Pish. I like Egervin Egri Bikavér, which is just as cheap.
-
Re: Ode to a Grape Redux
On Jun 27, 6:44*pm, Stratum101 <j.coll...@cross-comp.com> wrote:
> On Jun 27, 5:56*pm, Just Me <jpd...@gmail.com> wrote:
>
> > Do I hear you
> > chortle and snort in the ignorance of your conceit? *
>
> Now see here, Jerv. *I actually got *this* far.
Oh, dear. Well, try to visualize "ignorance" as just another synonym
for "wisdom" and you ought to be able to get along just fine.
--
JM http://bobbisoxsnatchers.blogspot.com
-
Re: Ode to a Grape Redux
On 6/27/2009 5:56 PM, Just Me wrote:
> After planting some Catawba vines here on my 20 acres in SW Missouri,
You silly old dickhead. Who gives a **** what you do or think?

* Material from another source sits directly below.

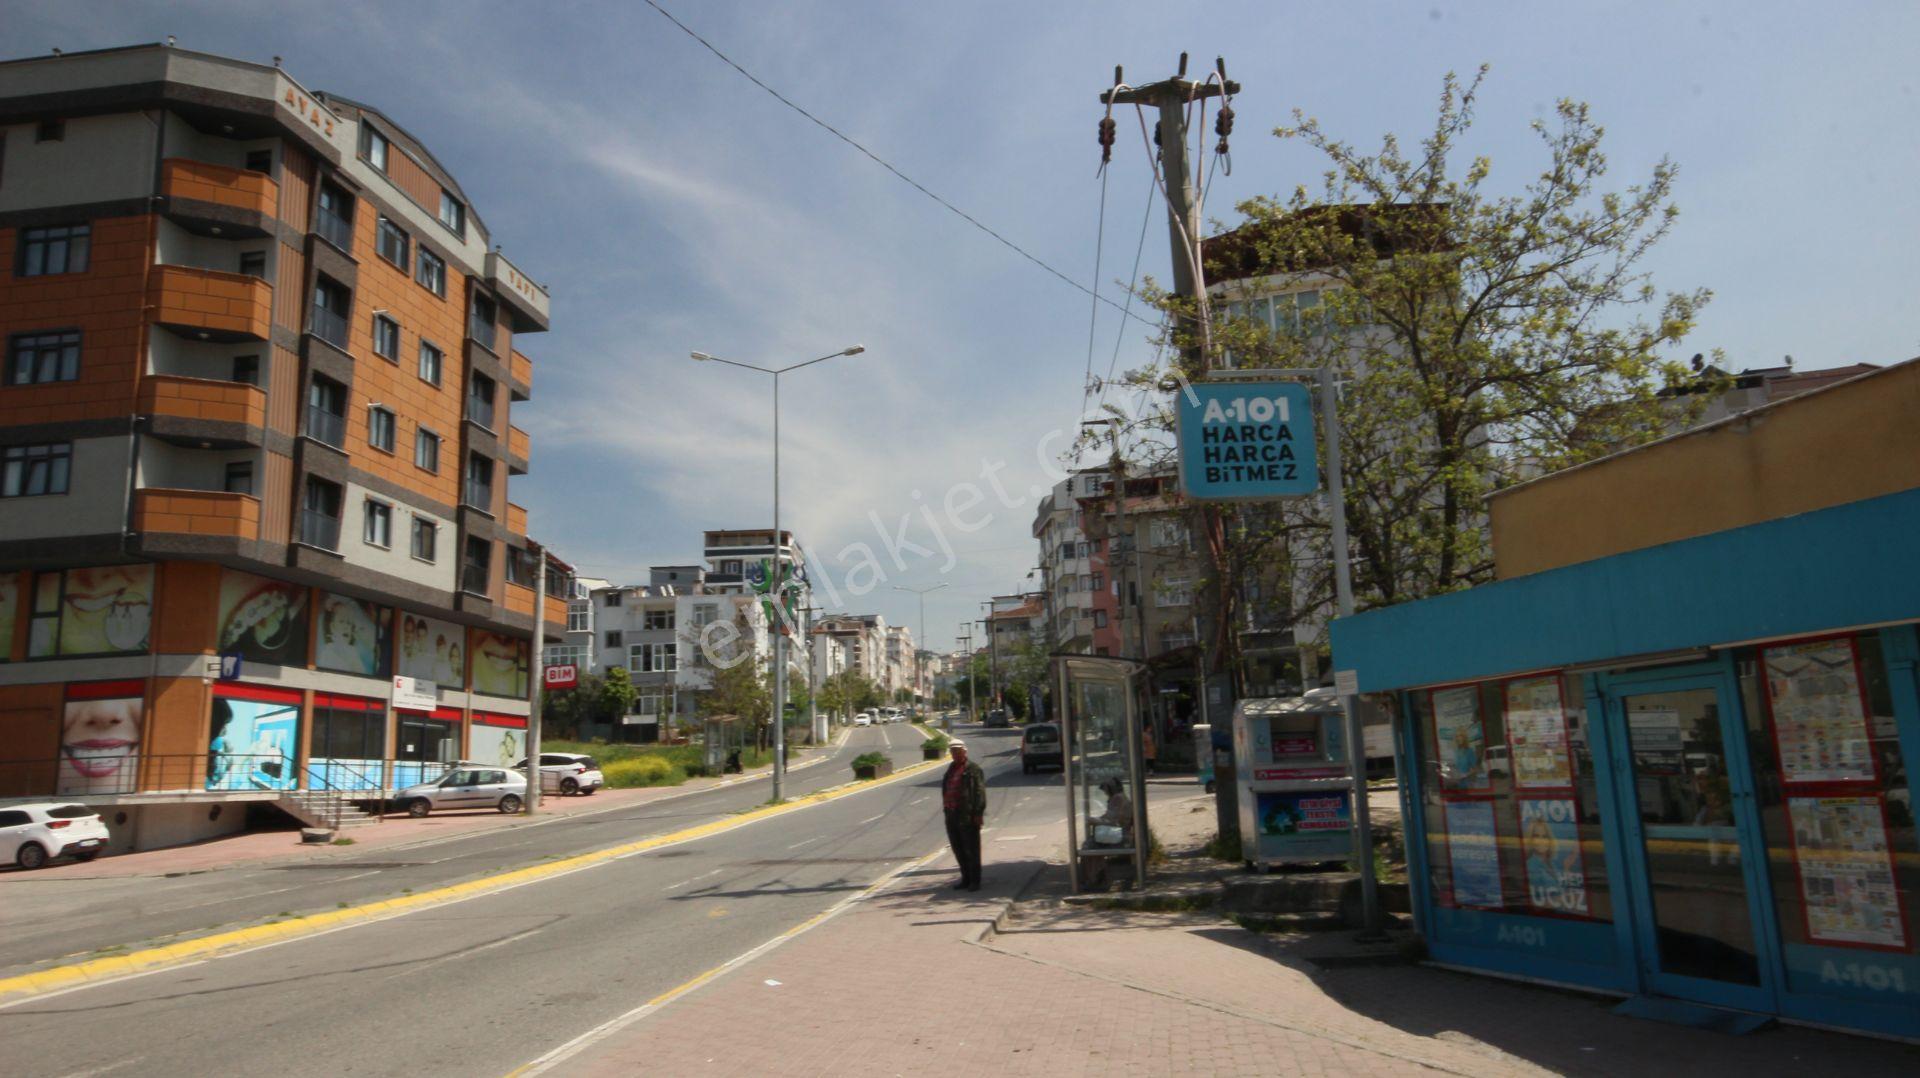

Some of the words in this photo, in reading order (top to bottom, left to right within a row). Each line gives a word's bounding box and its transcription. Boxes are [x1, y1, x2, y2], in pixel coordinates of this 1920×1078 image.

[285, 87, 334, 137] AYAZ
[1203, 424, 1294, 443] HARCA
[1204, 444, 1295, 464] HARCA

SW Missouri, home of the methlab, the fundamentalist conman and jerkis
the hasbeen, is just the place for you; but don't let them know what a
fey old fart you are.
FTP
-
Re: Ode to a Grape Redux
On Jun 28, 12:15*am, Just Me <jpd...@gmail.com> wrote:
> On Jun 27, 6:44*pm, Stratum101 <j.coll...@cross-comp.com> wrote:
>
> > On Jun 27, 5:56*pm, Just Me <jpd...@gmail.com> wrote:
>
> > > Do I hear you
> > > chortle and snort in the ignorance of your conceit? *
>
> > Now see here, Jerv. *I actually got *this* far.
>
> Oh, dear. *Well, try to visualize "ignorance" as just another synonym
> for "wisdom" and you ought to be able to get along just fine.
Look, I was in awe of purple pimples on your palette
and I think *I* am due credit for recognizing your immense
talent. Anyone can kiss ass, but it is the rare
man who can touch his own butt with his tongue.
-
Re: Ode to a Grape Redux
On Jun 28, 1:07*am, fittoprint <f...@fy.org> wrote:
> On 6/27/2009 5:56 PM, Just Me wrote:
>
> > After planting some Catawba vines here on my 20 acres in SW Missouri,
>
> You silly old dickhead. Who gives a **** what you do or think?
>
> SW Missouri, home of the methlab, the fundamentalist conman and jerkis
> the hasbeen, is just the place for you; but don't let them know what a
> fey old fart you are.
>
> FTP
There it is, sure as road-kill, ants at the picnic, the Video
Professor and Erectile Dysfunction.
But that shapeless, formless mass must have it's say, sure as every
Mexican hairless chihuahua has it's day.
So now let us see, where were we before the hippy-hoppy boom boxes
drove up in hotrod Hondas gassed and lubed on biofuel of saved up
pimple juice? Ah, yes. Here it is in it's lately revised, more souped
up, super-charged and fuel injected edition . . .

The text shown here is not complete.